Scrittura meticcia – un nuovo fenomeno nella letteratura che nasce tra le mura dell’Università di Bologna.
di Elisabeth Thatcher
L’Italia
può essere considerata la patria della scrittura collettiva. Già nel 1929 i
futuristi, tra i quali anche Marinetti, hanno sperimentato un romanzo scritto a
dieci mani (Lo Zar è morto); poi
negli anni ci sono stati diverse esperienze importanti dello scrivere insieme come
quella di Giuliano Scabia al DAMS di
Bologna (il testo teatrale collettivo Il
Gorilla Quadrumàno), come anche quella della scuola di Barbiana (la Lettera ad una professoressa). Fino ad
arrivare ai giorni nostri, quando possiamo annoverare tra diversi tentativi
riusciti un curioso fenomeno sperimentale del gruppo che si chiama Scrittura Industriale
Collettiva, o ancora la escalation dell’ormai affermato gruppo Wu Ming.
La
novità assoluta arriva dall’Università di Bologna, dove nasce un nuovo fenomeno
nella letteratura: è quello di scrittura collettiva meticcia, quando a creare
un’opera sono persone provenienti dai paesi differenti. È un’esperienza dove la
diversità diventa il valore che permette di riflettere su tante sfaccettature
della contemporaneità.
Nel 2007 al Dipartimento
di Filologia Classica e Italianistica dell’Università di Bologna nasce il laboratorio
di scrittura creativa interculturale, in collaborazione con l’Associazione
Eks&Tra. Dopo diverse esperienze di scrittura individuale, nel 2012 Wu Ming
2 (Giovanni Cattabriga) propone la scrittura collettiva all’interno del corso. Sotto
la sua guida il risultato non tarda a presentarsi: da quell’esperienza si sono
formati alcuni collettivi che tuttora stanno portando avanti loro esperienza.

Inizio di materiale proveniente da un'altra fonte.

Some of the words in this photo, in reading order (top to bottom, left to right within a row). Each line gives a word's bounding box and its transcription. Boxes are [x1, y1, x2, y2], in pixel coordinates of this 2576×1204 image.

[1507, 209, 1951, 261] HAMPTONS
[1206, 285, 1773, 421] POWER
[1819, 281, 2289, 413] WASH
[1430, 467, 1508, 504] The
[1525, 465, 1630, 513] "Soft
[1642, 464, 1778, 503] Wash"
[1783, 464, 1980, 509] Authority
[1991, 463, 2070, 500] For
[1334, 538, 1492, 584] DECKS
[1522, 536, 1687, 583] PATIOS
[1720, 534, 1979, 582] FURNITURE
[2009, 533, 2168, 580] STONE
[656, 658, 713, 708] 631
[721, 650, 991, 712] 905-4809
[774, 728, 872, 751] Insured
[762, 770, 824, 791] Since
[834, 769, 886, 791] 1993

Invece il 16 di giugno alla Festa delle Scritture all’Aula Pascoli in via
Zamboni 32 è stato presentato e l’e-book
“Mari&Muri”, che raccoglie i
racconti scritti dai partecipanti al laboratorio Eks&Tra 2015.
Alcuni autori hanno
letto i brani dei loro racconti:
"Salvati" di Matilde Ciolli, Brigida Gianzi,
Donata Guglielmelli e Luca Tassoni.
"Unperfetto sconosciuto"
di Simone Carati, Giulia Franchini, Francesca Fughelli, Cinzia Perini
"Tuttacolpa della Regina"
di Silvia Greco, Giulia Bondi e Edoardo Spadaro.
"Ilfiglio del Haram"
del gruppo BLESK (Lolita Timofeeva, Oussama Mansour e Valentina Bolzonella).
"Suoni
dal deserto" del gruppo Tinariwen (Clara
Torregrossa, Simone Andrenelli, Alba Pietrantuono e Liborio Pierciaccante).
Alla fine della
presentazione è stata proiettata una performance realizzata da Muna Mussie.
Per
poter inquadrare il fenomeno, abbiamo approfittato per intervistare uno dei
gruppi: BLESK, formato da Valentina Bolzonella nata a Venezia, Lolita Timofeeva
nata a Riga in Lettonia e Oussama Mansour nato a Ksar Hellal in Tunisia (nella
foto sotto).
A cosa associ la parola “razzismo”?
Valentina:
alla superbia.
Oussama:
alla paura. Penso sia un sentimento arcaico e totalmente umano.
Lolita:
all’ignoranza.
Quando
l’altro ti inquieta?
Valentina:
quando è terra arida su cui
non riesce a crescere niente.
Oussama:
quando mi accusa di delitti
che non ho fatto. Ho paura di diventare colpevole di errori che non ho mai
commesso e della violenza dell'altro, ma sono consapevole che spesso io stesso
faccio paura, per via del mio aspetto.
Lolita:
quando non comunica.
Che immagine ti evoca
la parola “identità”?
Valentina:
un campo di girasoli che sanno
da che parte guardare, tutti assieme.
Oussama:
distese di ulivi e terra
rossastra dopo una pioggia molto grassa.
Lolita:
un albero possente con le radici in crescita continua. Più territori
attraversano, più forte è l’identità.
Una
breve metafora della parola “destino”?
Valentina:
Il destino è sogno.
Oussama:
Il destino sono i nostri
desideri.
Lolita: Le porte aperte di un treno con
che sta per partire e io mi chiedo: “che faccio, salgo?”
Qual
è miglior invenzione della contemporaneità?
Valentina:
qualsiasi strumento potenzi la
circolazione delle conoscenze.
Oussama:
internet.
Lolita:
skype. Mia madre dice che colui che lo ha inventato è un sant’uomo.
Cosa
rimpiangi della storia del passato?
Valentina:
nulla. Sarebbe inutile, come
ogni tipo di rimpianto.
Oussama:
una forma di libertà che non
esiste più. Oggi siamo tutti preda della paura, succubi delle regole.
Lolita:
di non aver potuto conoscere personalmente Dante, Pico della Mirandola,
Leonardo…
Cosa
ti fa pensare la parola “origini”?
Valentina:
un qualcosa che sta
ancora prima delle radici. Alla terra che sa di casa.
Oussama:
un qualche cosa con cui ho un
rapporto di conflitto e amore, un continuo ri- negoziare i miei ricordi e il
legame che ho con la mia famiglia, la terra dove sono nato, la terra a cui appartengo.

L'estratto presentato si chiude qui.